L’Encyclopédie de l’Univers Viking
veð-bróðir
Veð-bróðir est un terme vieux-norrois désignant un « frère engagé par gage ou serment », c’est-à-dire un allié ou un compagnon lié par un engagement solennel plutôt qu’un frère de naissance.
L’entrée repose sur des attestations historiques, lexicales ou documentaires solides, à replacer dans leur contexte.
Comprendre le terme
Le terme est attesté comme une désignation relationnelle et se rapproche du sens de « frère juré » ou de « confédéré ». Il appartient au vocabulaire des liens d’alliance et de solidarité entre personnes.
Contexte historique
Dans les sociétés nordiques médiévales, les liens de fidélité et d’alliance pouvaient être exprimés par un vocabulaire de fraternité conventionnelle. Les éléments disponibles ne permettent toutefois pas de reconstituer avec précision le rituel ou le statut juridique associés à veð-bróðir.
Usage et fonction
Le mot servait à désigner un allié ou un compagnon lié par un engagement formel, en opposition implicite à la fraternité fondée sur la naissance.
Ce que l’on sait
Veð-bróðir est un composé formé de veð, « gage », « engagement » ou « garantie », et de bróðir, « frère ». Son sens général est celui de « frère juré », de « frère engagé » ou de « confédéré ». Il ne s’agit pas, dans cette acception, d’un terme désignant nécessairement une parenté biologique.
Ce qui est débattu
La nuance exacte entre veð-bróðir et des termes proches comme eiðbróðir reste incertaine.
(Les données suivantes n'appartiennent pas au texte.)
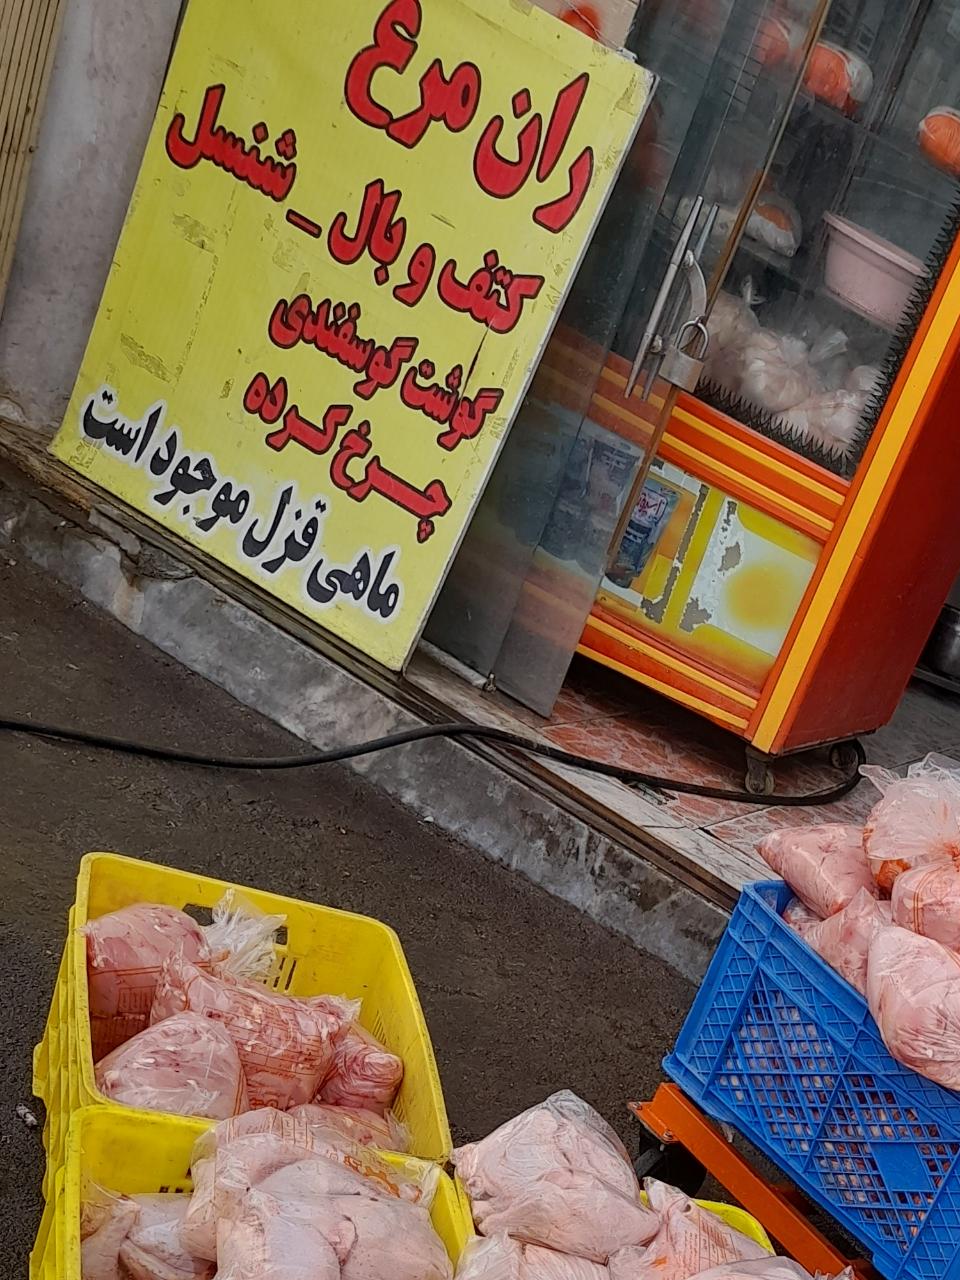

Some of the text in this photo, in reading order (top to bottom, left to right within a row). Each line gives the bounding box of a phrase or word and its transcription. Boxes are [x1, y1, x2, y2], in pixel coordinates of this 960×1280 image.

Selon le contexte, veð peut renvoyer à un gage, à une garantie ou plus largement à un engagement ; les sources ne permettent pas toujours d’établir si le mot impliquait une procédure juridique précise ou une simple alliance personnelle.
Idées reçues et confusions fréquentes
Veð-bróðir ne doit pas être automatiquement compris comme le nom d’une institution, d’un ordre ou d’un rituel déterminé. Rien ne permet non plus d’en faire une catégorie de parenté au sens strict.
À retenir
Terme vieux-norrois de fraternité conventionnelle, veð-bróðir désigne un allié ou un « frère juré ». Sa portée exacte et sa différence avec les vocables voisins demeurent partiellement discutées.